PMC · DOI: 10.1016/j.jacadv.2025.102467 · JACC: Advances · 2025-12-22

## TL;DR

This study examines factors behind medical liability claims in cardiovascular medicine, showing nonclinical issues like communication and documentation are as important as clinical errors.

## Contribution

The study highlights the equal importance of nonclinical factors in medical liability claims, offering actionable insights for improving patient care and reducing conflicts.

## Key findings

- Nonclinical factors, such as communication and documentation, were more frequent than clinical factors in liability claims.
- Communication between providers and patients was the most common nonclinical factor in claims.
- Payment-related claims showed a higher frequency of nonclinical factors compared to non-payment claims.

## Abstract

Medical professional liability claims are a marker of conflict between a patient and a health care provider.

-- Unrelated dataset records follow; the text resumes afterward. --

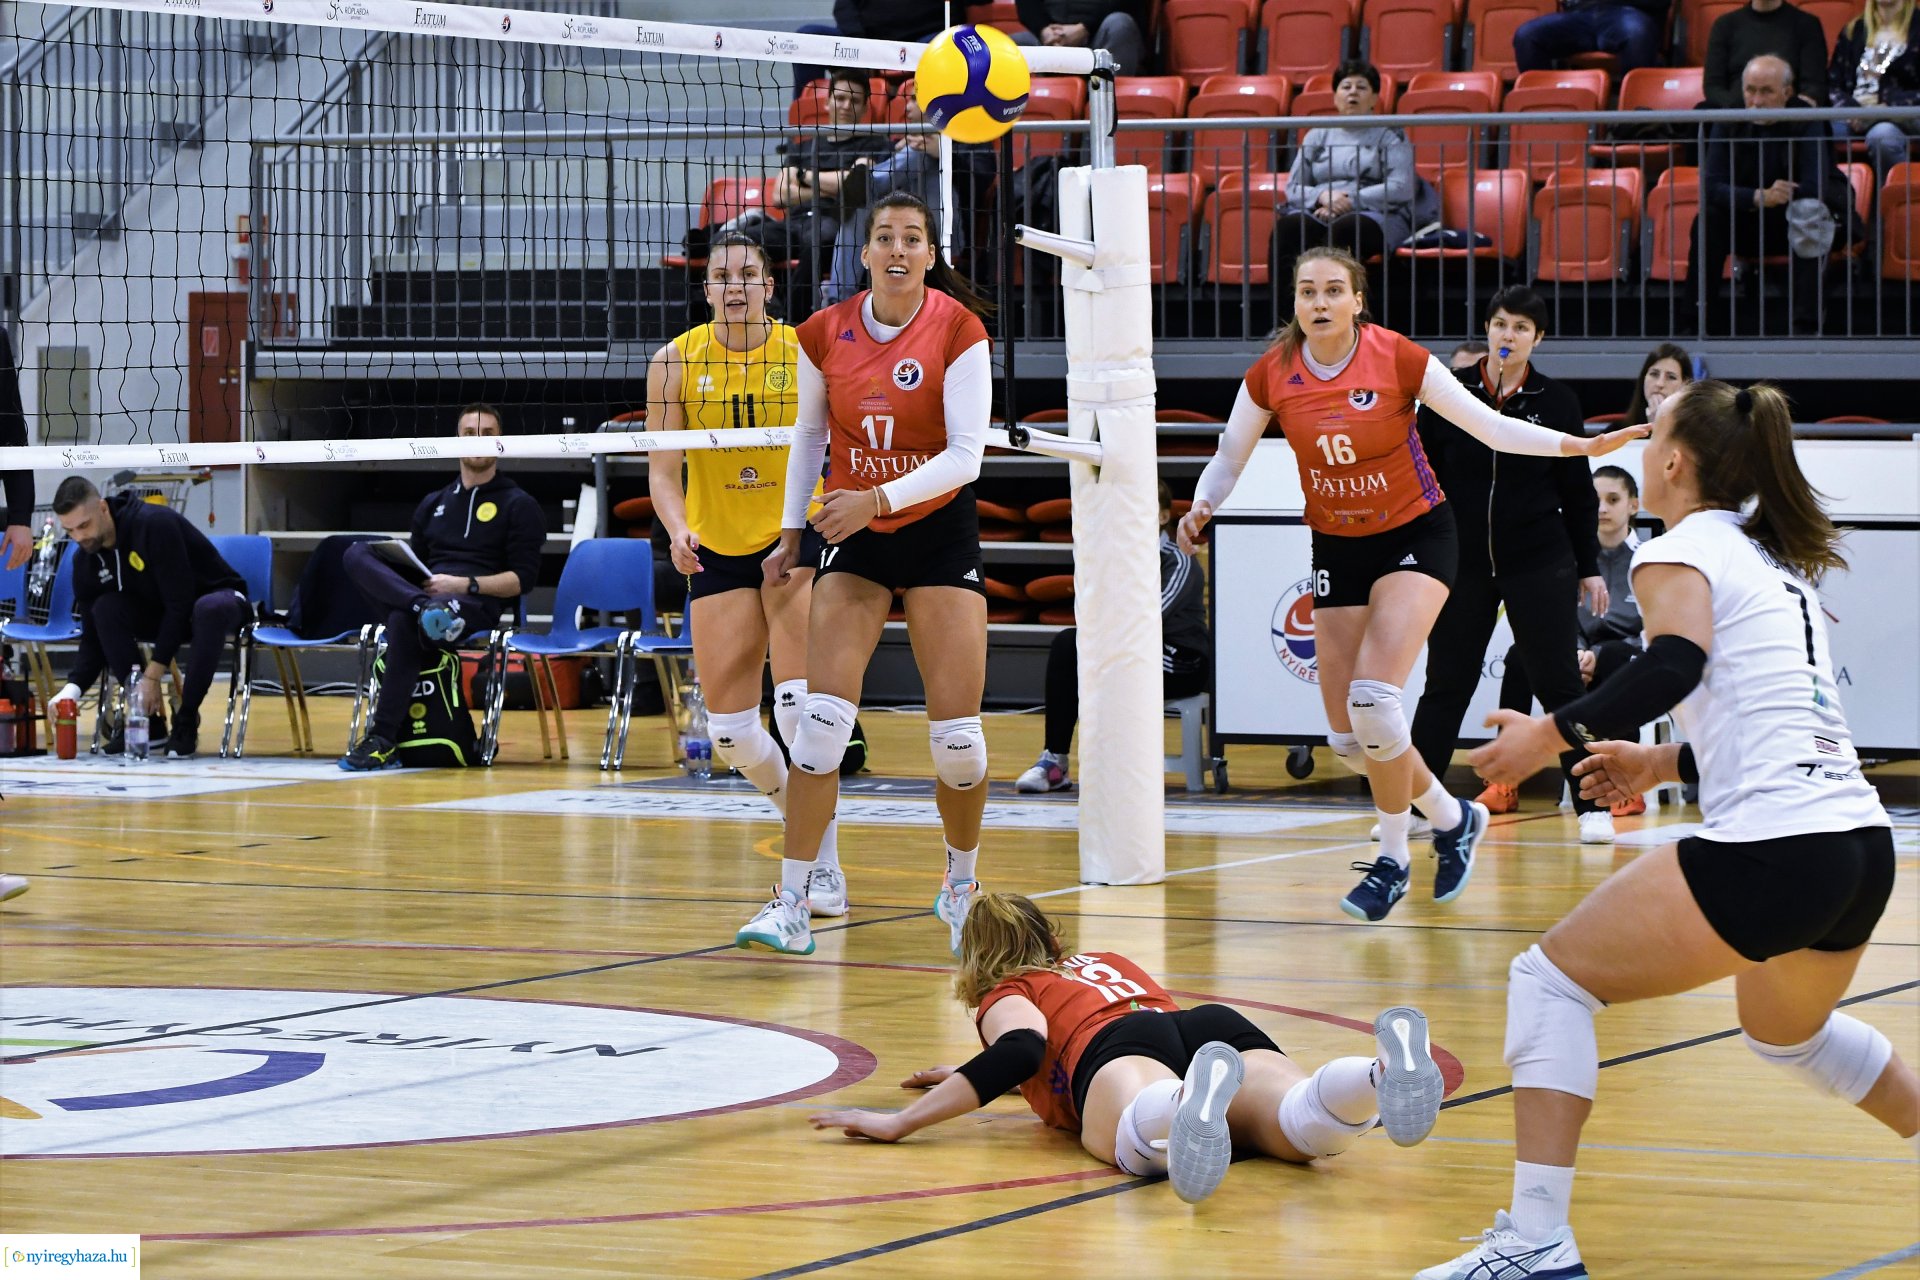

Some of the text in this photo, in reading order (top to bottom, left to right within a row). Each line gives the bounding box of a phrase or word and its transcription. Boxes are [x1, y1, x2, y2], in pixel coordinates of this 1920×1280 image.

[414, 7, 447, 26] FATUM
[636, 26, 664, 44] FATUM
[834, 42, 859, 59] FATUM
[732, 393, 756, 428] 11
[631, 435, 658, 448] FATUM
[861, 415, 894, 450] 17
[158, 448, 190, 463] FATUM
[409, 442, 438, 455] FATUM
[1316, 433, 1357, 466] 16
[849, 447, 929, 474] FATUM
[1309, 468, 1389, 493] FATUM
[1782, 580, 1816, 667] 7
[811, 713, 835, 727] MIKASA
[1075, 962, 1148, 1003] 13
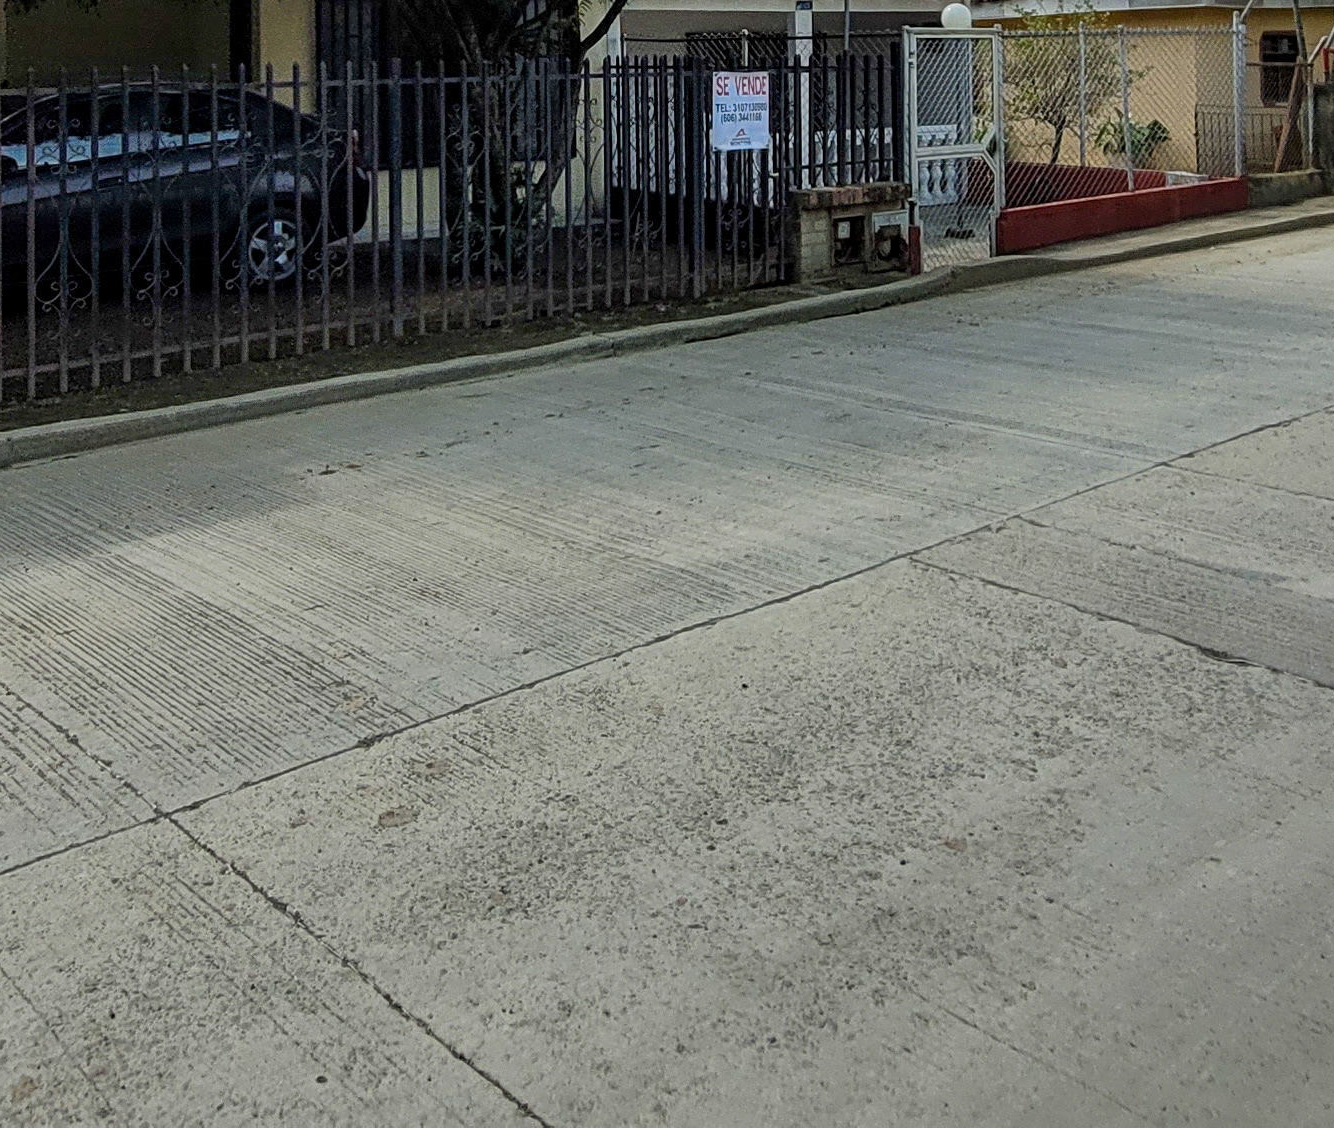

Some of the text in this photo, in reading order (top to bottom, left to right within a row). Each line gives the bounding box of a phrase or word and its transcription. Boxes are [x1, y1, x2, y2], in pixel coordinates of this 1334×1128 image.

[716, 75, 767, 96] SE VENDE
[715, 103, 732, 113] TEL:
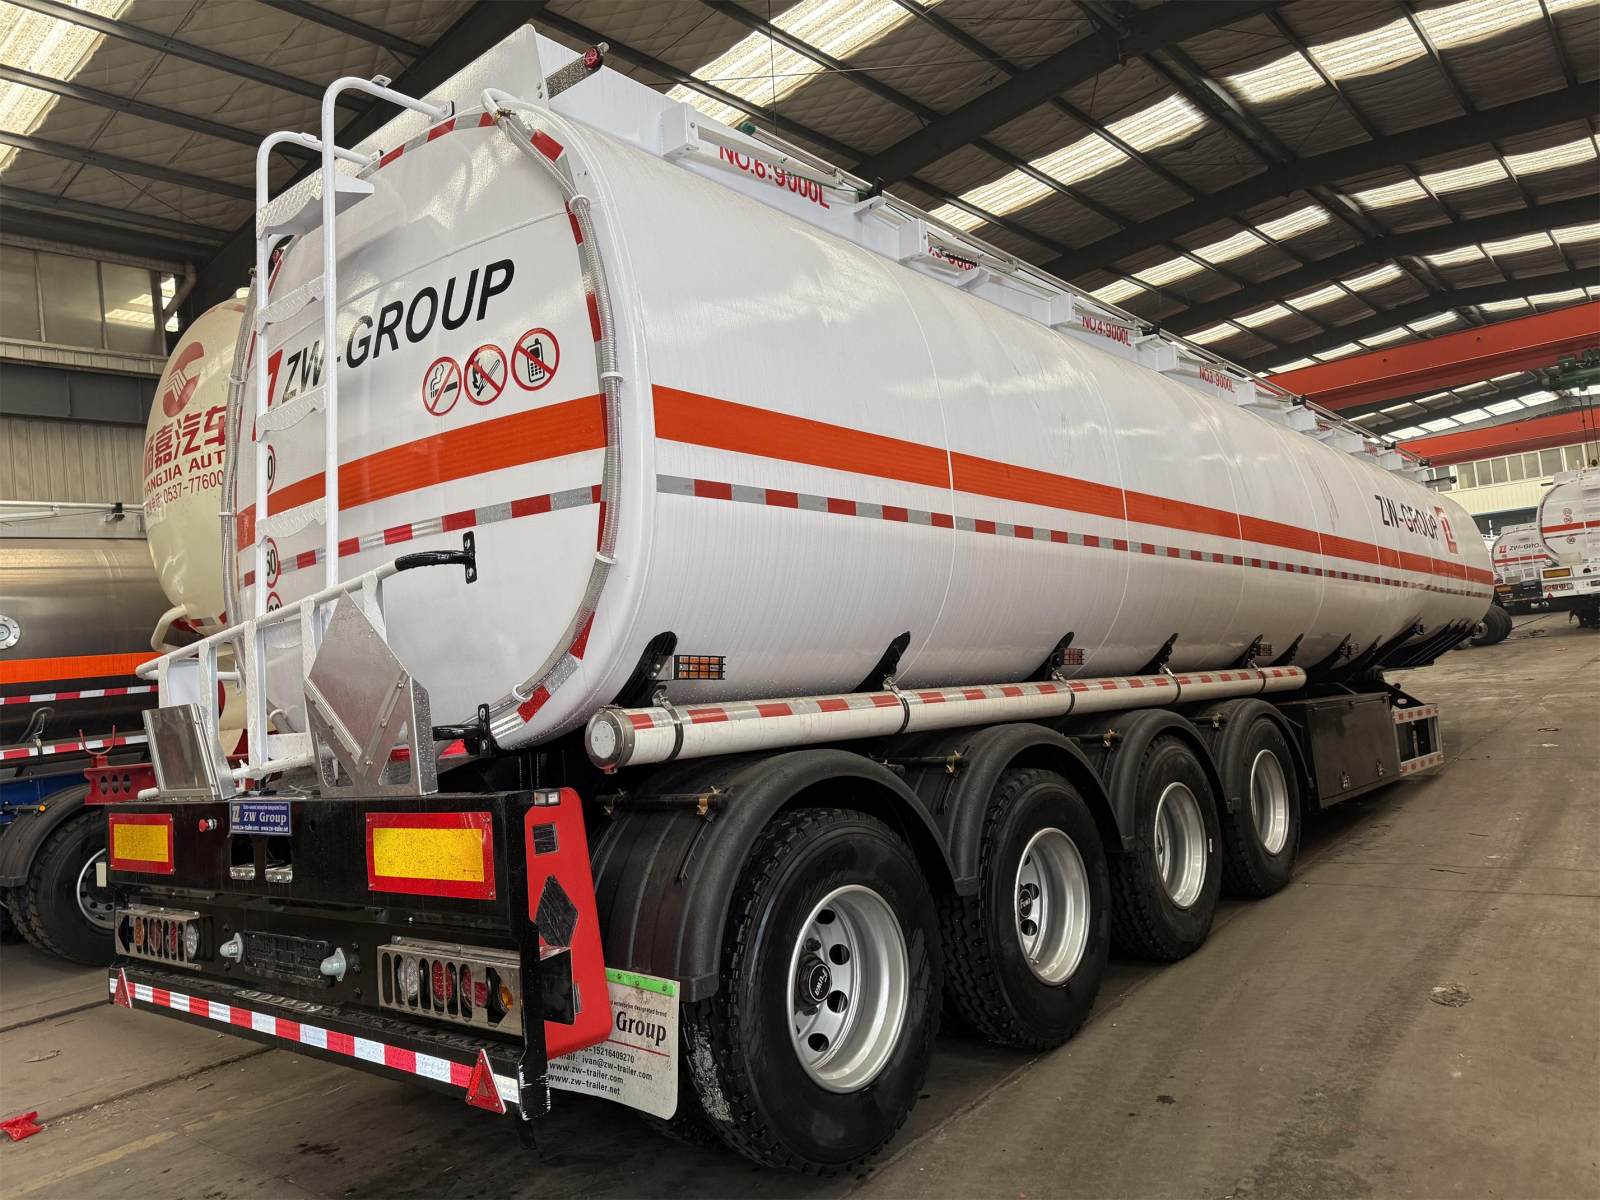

The purpose of this study was to evaluate the contributing factors (CFs) associated with medical professional liability claims.

Seven hundred sixty-four cardiovascular-related closed claims with 1,945 CFs were identified from a large insurer (The Doctor’s Company) from 2010 to 2023.

Three clinical CFs: technical performance (329; 43% of claims), patient assessment (242; 32%), and management/selection of therapy (216; 28%) were the most frequently cited CFs. Patient factors, mainly due to nonadherence to medications or instructions, were identified in 171 claims (22%). Nonclinical CFs (987) were more frequent than clinical CFs (787) and patient factors (patient: 171). Nonclinical CFs were very diverse but the most frequent were communication between providers and patient (20%), communication among providers (16%), insufficient documentation (11%), and off-shift/weekend hours (10%). Payment was less common in claims with technical performance or patient factor CFs and more common in claims with patient assessment, selection/management of therapy, and in the 4 most frequent nonclinical CFs. Nonclinical CFs were more commonly observed in claims with payment (1.1/claim) when compared to claims without (0.64/claim). No differences among the different cardiovascular subspecialties were identified. Closed claims were identified in 3% of covered cardiovascular providers over the last reliable portion of the study period.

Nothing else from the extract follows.